[Task data Boundary: Start]

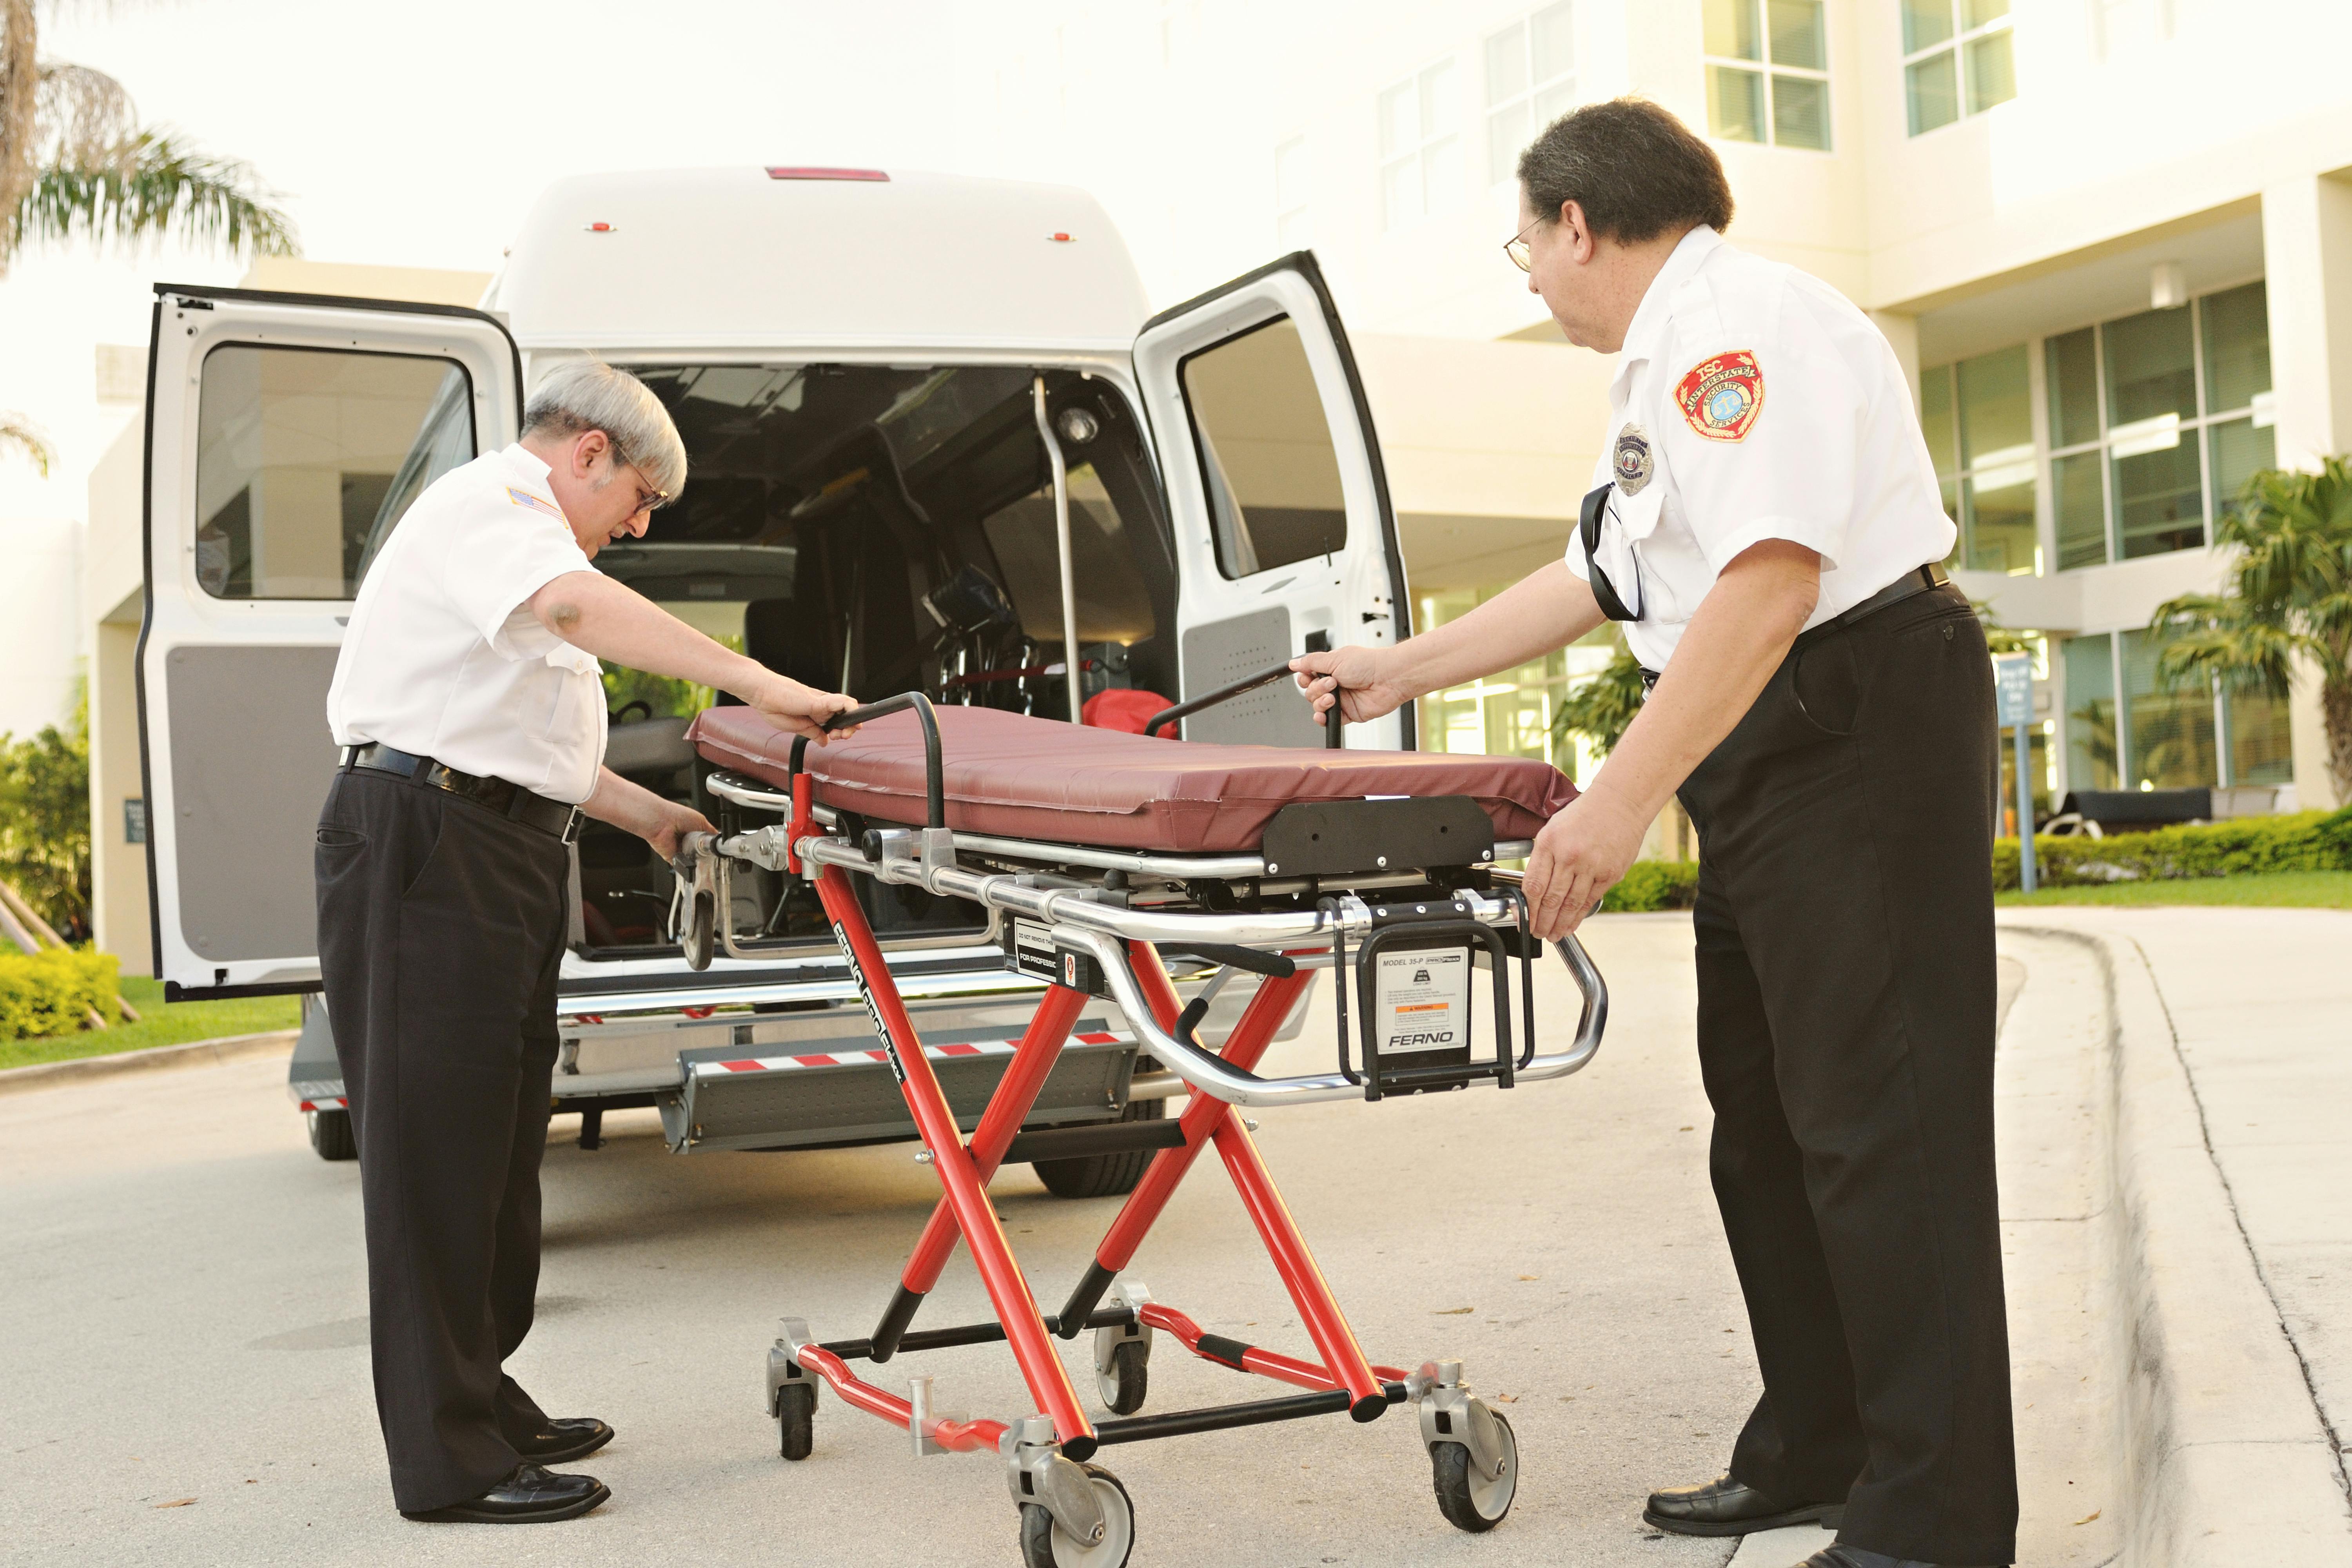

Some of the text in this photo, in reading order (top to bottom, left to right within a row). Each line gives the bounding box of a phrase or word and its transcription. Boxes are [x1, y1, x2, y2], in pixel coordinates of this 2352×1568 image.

[1696, 360, 1723, 383] ISC
[1688, 367, 1748, 405] INTERSTATE
[1704, 382, 1742, 406] SECURITY
[1710, 402, 1750, 427] SERVICES
[1621, 436, 1648, 447] SECURITY
[1618, 467, 1641, 479] OFFICER
[833, 922, 863, 989] FERNO
[1020, 953, 1030, 962] FOR
[1389, 1032, 1454, 1047] FERNO

[Task data Boundary: End]

▸ What the task asks: Leave out the images and copy every record above exactly.

▸ Solution for this exercise:
Some of the text in this photo, in reading order (top to bottom, left to right within a row). Each line gives the bounding box of a phrase or word and its transcription. Boxes are [x1, y1, x2, y2], in pixel coordinates of this 2352×1568 image.

[1696, 360, 1723, 383] ISC
[1688, 367, 1748, 405] INTERSTATE
[1704, 382, 1742, 406] SECURITY
[1710, 402, 1750, 427] SERVICES
[1621, 436, 1648, 447] SECURITY
[1618, 467, 1641, 479] OFFICER
[833, 922, 863, 989] FERNO
[1020, 953, 1030, 962] FOR
[1389, 1032, 1454, 1047] FERNO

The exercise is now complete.